As a professor at the University of Toronto in 1963, Mel published a landmark academic article called “A Staple Theory of Economic Growth.” To witness the madness of the Jason Kenney government in Alberta today—the utter capture of policy-makers by oil companies and inability to diversify out of resource booms and busts—is to understand the enduring relevance of his Innis-inspired work on the staples trap.

Mel, an MIT-trained classical economist, came to prominence in a movement of Left Canadian nationalism in the 1960s that included other luminaries like Charles Taylor and Kari Polanyi Levitt. He eschewed the narrow economistic approach of his field instead dedicating his intellect to political economy. To read his work is to understand he was always interested in power, in justice, in protecting human dignity and furthering the collective interest. 

Mel was steeped in great economic thinkers like Polanyi, Minsky and Keynes. But he was well read in many realms, in literature and environmental and climate science . In short, he was an intellectual. But one interested in material change for people, not mere prominence in the academy.

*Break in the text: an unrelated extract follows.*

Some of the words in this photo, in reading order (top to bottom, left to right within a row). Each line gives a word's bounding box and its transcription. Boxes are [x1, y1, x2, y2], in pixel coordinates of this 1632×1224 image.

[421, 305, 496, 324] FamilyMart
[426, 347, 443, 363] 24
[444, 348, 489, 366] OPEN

It is interesting to reflect on Mel’s rejection of corporate power concentration and foreign ownership of key Canadian industries in today’s light. What became known as “the Watkins Report”, the Task Force on Foreign Ownership and the Structure of Canadian Investment, was struck by former Liberal finance minister Walter L. Gordon and led to what little protection of key industries remains today.  

One can find striking similarity between Bernie Sanders’ campaign speeches with Mel’s spirited rejection of NAFTA and unbridled free trade at the expense of worker rights and protections. Indeed, he was on the front lines of the battles against nascent, then dominant, neoliberal shifts in the Canadian economy since the early sixties. 

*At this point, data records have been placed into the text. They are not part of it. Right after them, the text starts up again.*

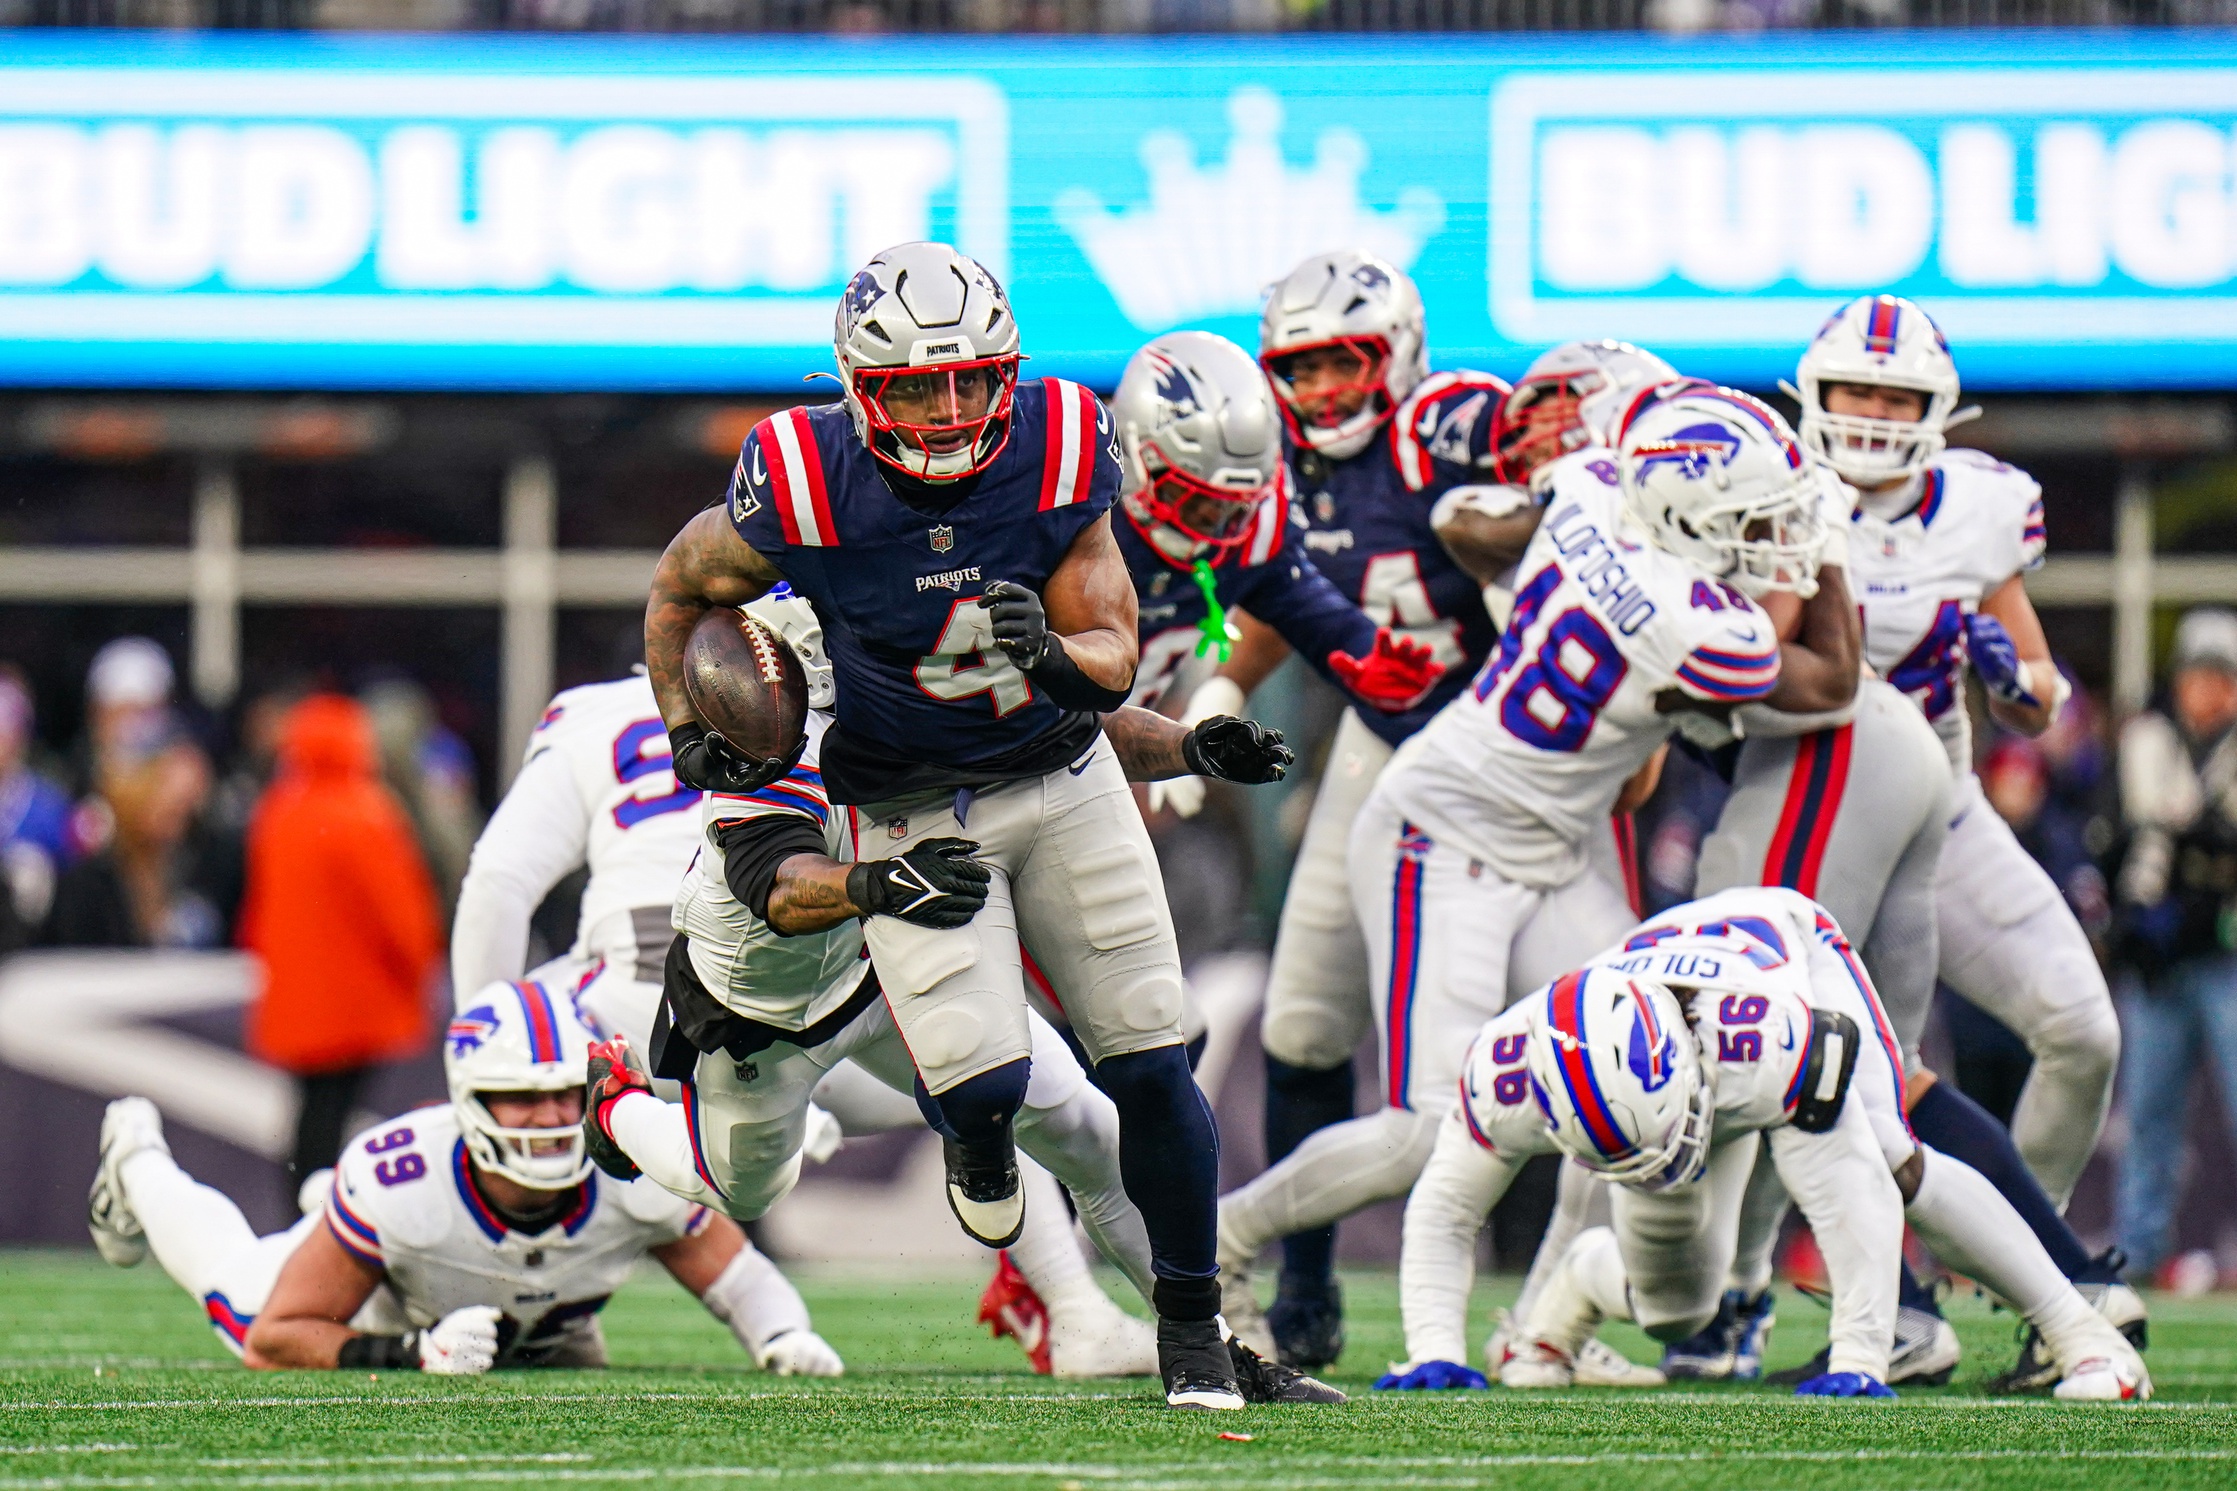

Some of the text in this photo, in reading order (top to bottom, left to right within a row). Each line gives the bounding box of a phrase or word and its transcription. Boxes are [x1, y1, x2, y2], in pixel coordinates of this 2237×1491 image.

[0, 120, 953, 292] BUD LIGHT
[1538, 118, 2237, 290] BUD LIG
[926, 343, 960, 358] PATRIOTS
[915, 566, 981, 593] PATRIOTS
[1360, 548, 1468, 675] 4
[911, 595, 1034, 720] 4
[611, 716, 705, 831] 9
[1492, 1032, 1529, 1106] 56
[1718, 994, 1770, 1063] 56
[364, 1127, 428, 1187] 99

Many will remember Mel for his prominent role in the Waffle movement, for his Left nationalism that envisioned an independent socialist Canada and a more radical NDP. I’ll remember that his thinking evolved, ahead of many on the white Left, to include Indigenous rights and sovereignty. His role working with the Dene in the fight against the Mackenzie pipeline during the Berger inquiry clearly shaped his politics and worldview. It gave a new and vital dimension to his thinking on staples, through the lens of how resource development depends on (ongoing) dispossession of Indigenous land.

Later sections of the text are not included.